*** RECORDS TO PROCESS ***

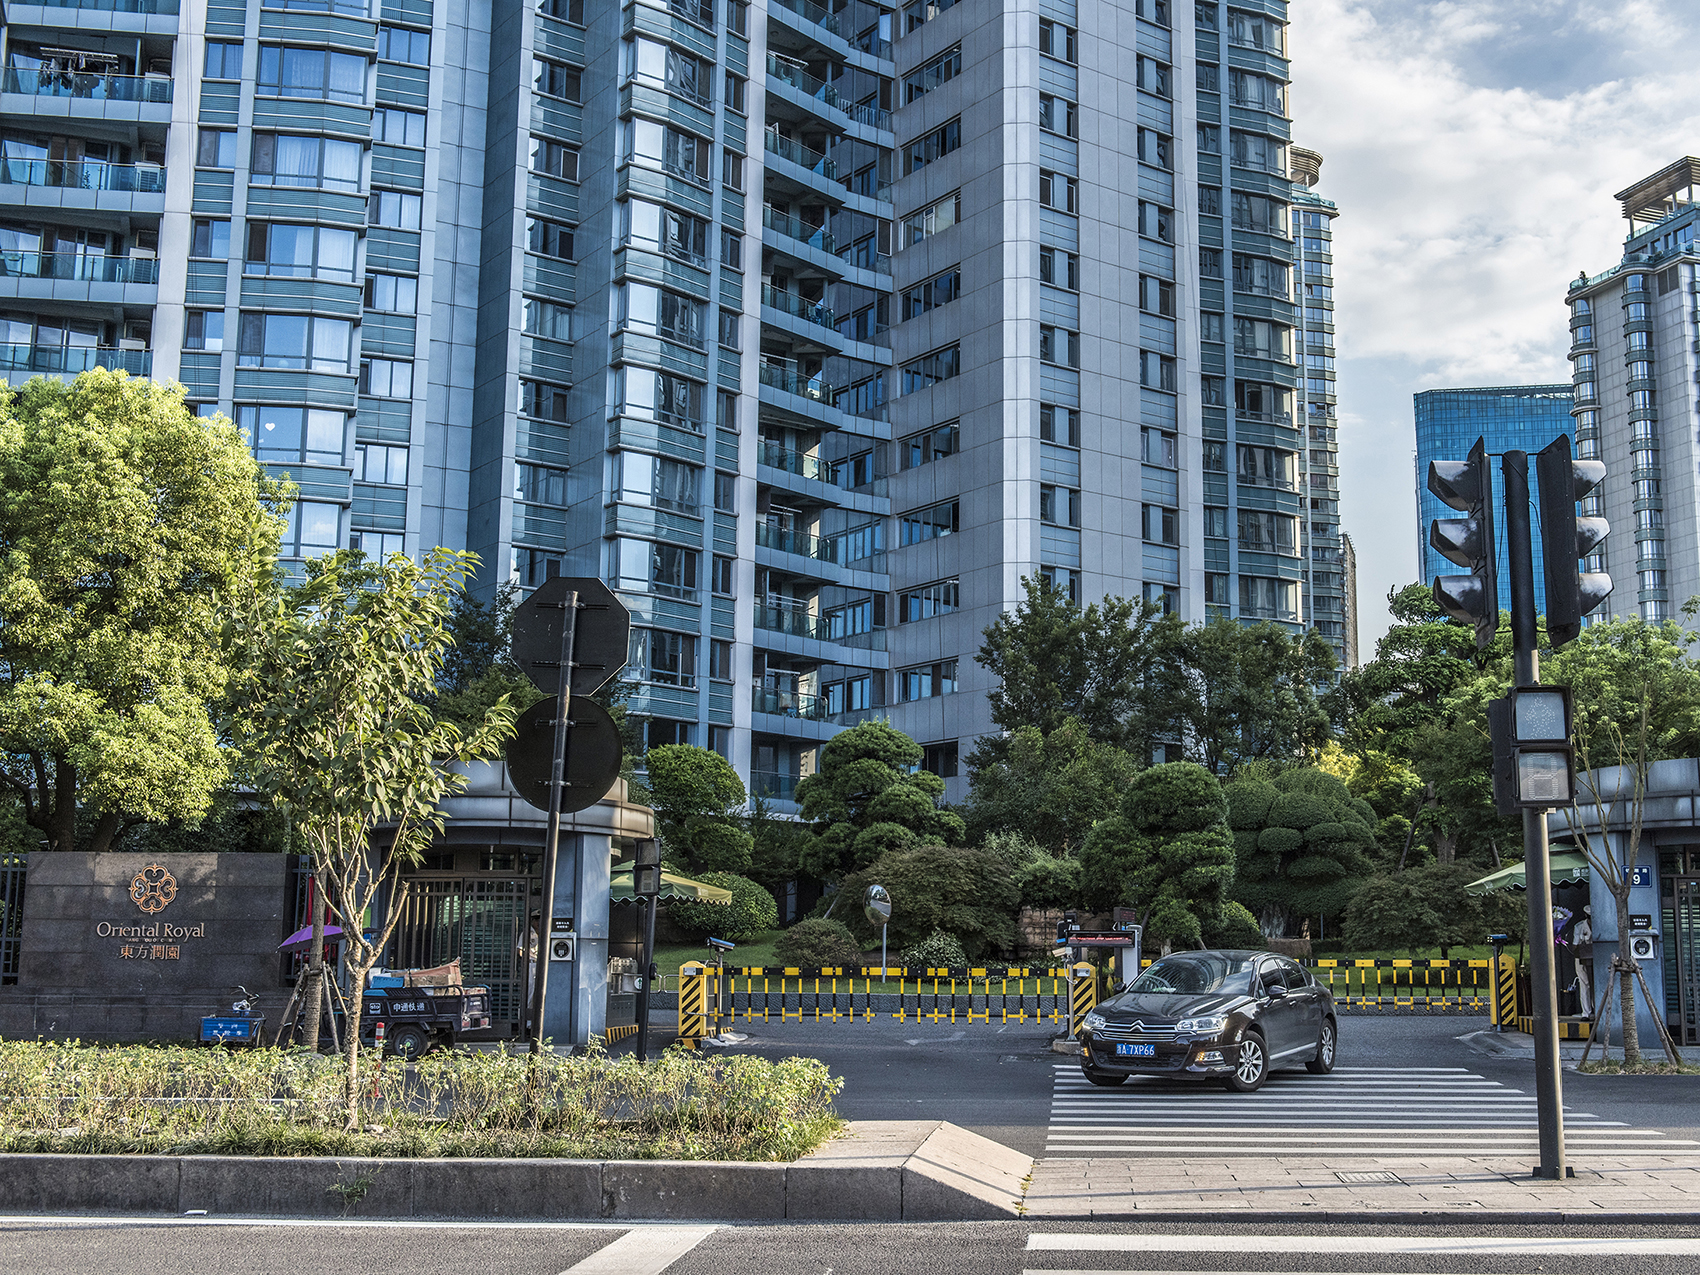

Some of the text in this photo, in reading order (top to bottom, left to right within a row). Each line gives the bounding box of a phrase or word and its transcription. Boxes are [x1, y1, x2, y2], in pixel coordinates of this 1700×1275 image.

[1632, 874, 1641, 885] 9
[96, 921, 205, 943] Oriental Royal
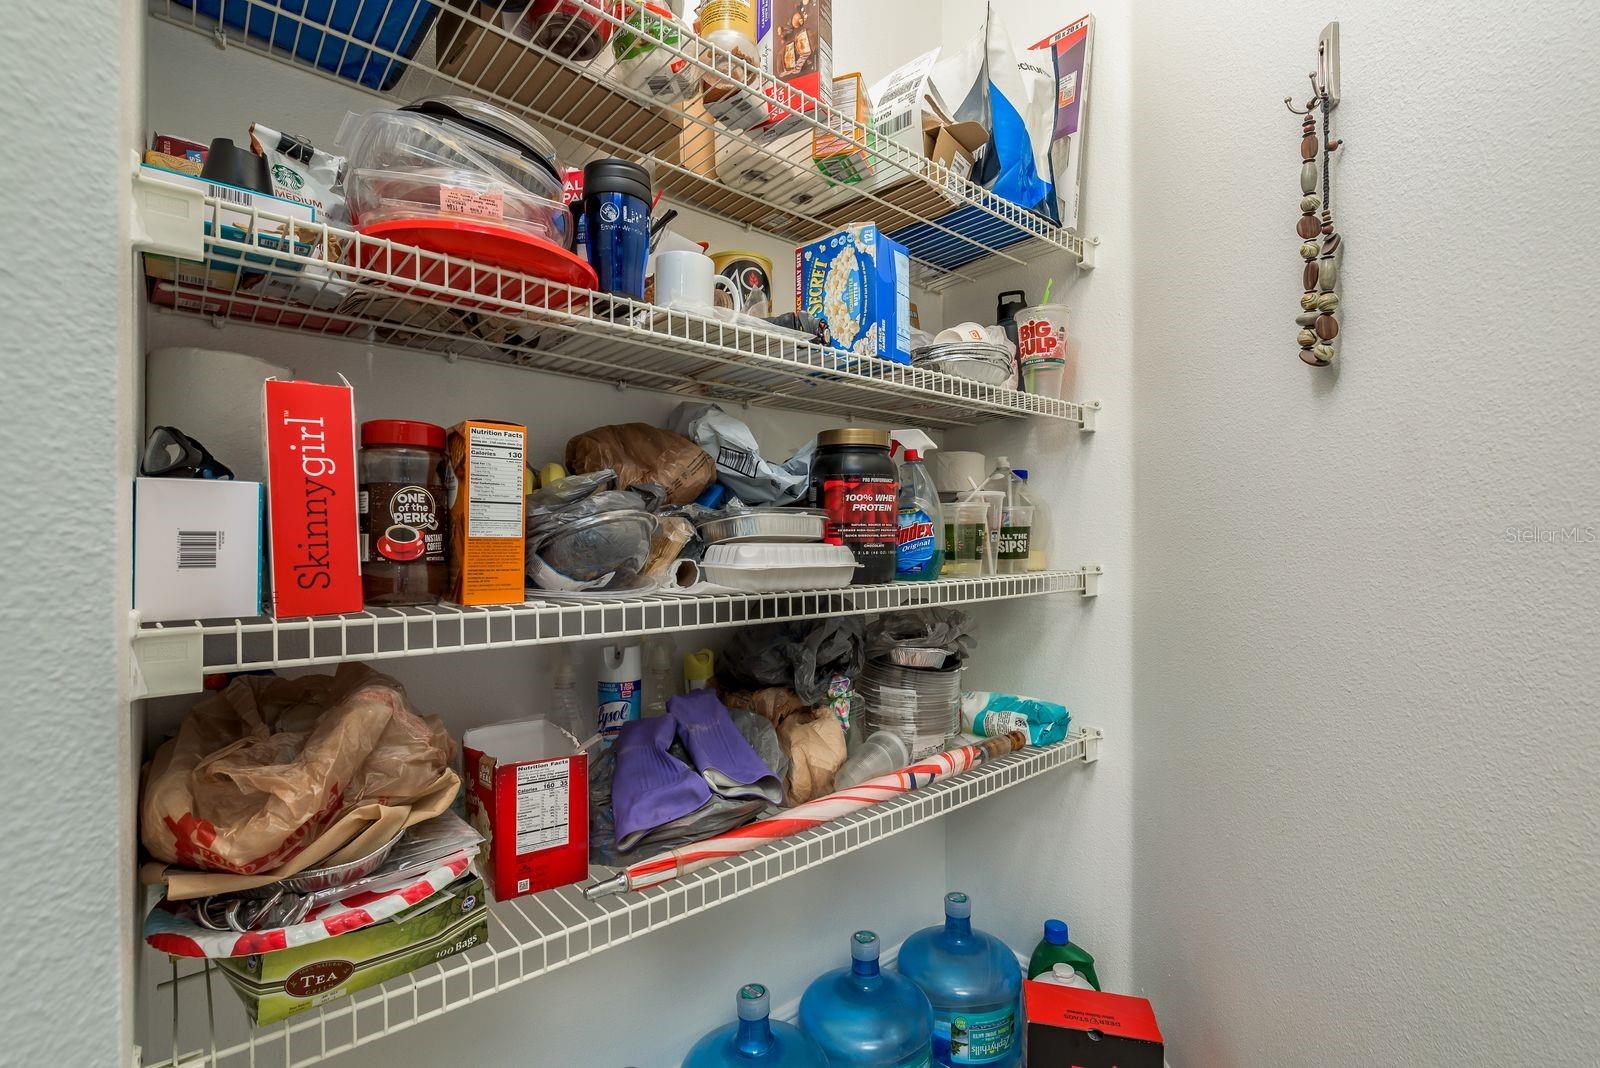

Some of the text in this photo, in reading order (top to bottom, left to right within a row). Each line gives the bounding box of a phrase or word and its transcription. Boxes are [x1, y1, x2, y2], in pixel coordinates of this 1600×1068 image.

[274, 189, 323, 209] MEDIUM
[807, 257, 828, 315] SECRET
[471, 428, 502, 437] Nutrition
[397, 493, 426, 504] ONE
[845, 493, 896, 502] 100% WHEY
[398, 503, 429, 512] of the
[852, 504, 893, 512] PROTEIN
[393, 512, 435, 524] PERKS
[902, 539, 931, 552] Original
[998, 540, 1027, 553] SIPS!
[517, 763, 549, 772] Nutrition
[517, 786, 538, 795] Calories
[436, 934, 478, 959] 100 Bags
[300, 972, 338, 988] TEA
[971, 1035, 1010, 1056] Zephyrhills

*** End of RECORDS TO PROCESS ***

GOAL OF THE EXERCISE: Type out each line of the records above exactly, skipping any pictures.

SOLUTION TO THIS PROBLEM:
Some of the text in this photo, in reading order (top to bottom, left to right within a row). Each line gives the bounding box of a phrase or word and its transcription. Boxes are [x1, y1, x2, y2], in pixel coordinates of this 1700×1275 image.

[1632, 874, 1641, 885] 9
[96, 921, 205, 943] Oriental Royal

Some of the text in this photo, in reading order (top to bottom, left to right within a row). Each line gives the bounding box of a phrase or word and its transcription. Boxes are [x1, y1, x2, y2], in pixel coordinates of this 1600×1068 image.

[274, 189, 323, 209] MEDIUM
[807, 257, 828, 315] SECRET
[471, 428, 502, 437] Nutrition
[397, 493, 426, 504] ONE
[845, 493, 896, 502] 100% WHEY
[398, 503, 429, 512] of the
[852, 504, 893, 512] PROTEIN
[393, 512, 435, 524] PERKS
[902, 539, 931, 552] Original
[998, 540, 1027, 553] SIPS!
[517, 763, 549, 772] Nutrition
[517, 786, 538, 795] Calories
[436, 934, 478, 959] 100 Bags
[300, 972, 338, 988] TEA
[971, 1035, 1010, 1056] Zephyrhills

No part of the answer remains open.